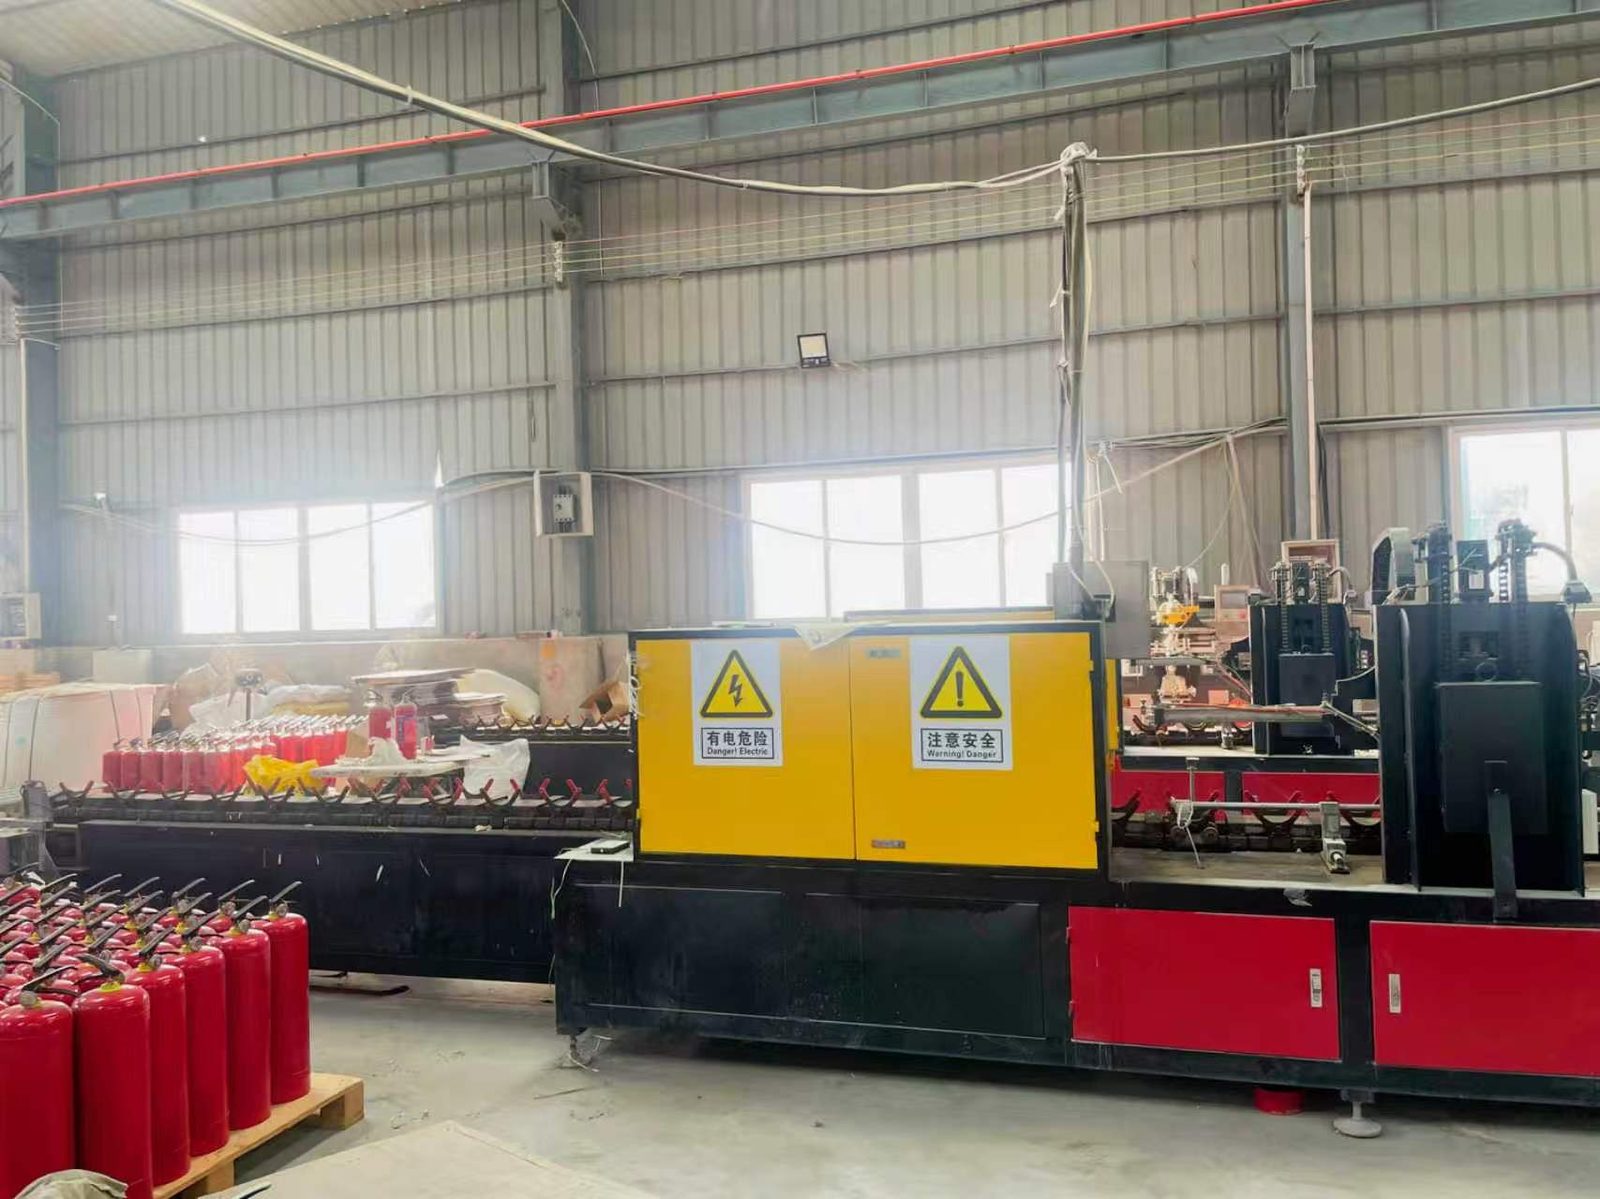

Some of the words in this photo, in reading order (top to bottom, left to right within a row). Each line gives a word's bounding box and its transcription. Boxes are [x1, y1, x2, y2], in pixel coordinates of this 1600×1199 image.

[706, 730, 768, 746] 有电危险
[927, 732, 996, 748] 注意安全
[707, 747, 737, 756] Danger!
[739, 747, 768, 755] Electric
[927, 749, 964, 758] Warning!
[966, 750, 997, 759] Danger
----
Copy every record above exactly as written, but leave out the pictures.

Some of the words in this photo, in reading order (top to bottom, left to right within a row). Each line gives a word's bounding box and its transcription. Boxes are [x1, y1, x2, y2], in pixel coordinates of this 1600×1199 image.

[706, 730, 768, 746] 有电危险
[927, 732, 996, 748] 注意安全
[707, 747, 737, 756] Danger!
[739, 747, 768, 755] Electric
[927, 749, 964, 758] Warning!
[966, 750, 997, 759] Danger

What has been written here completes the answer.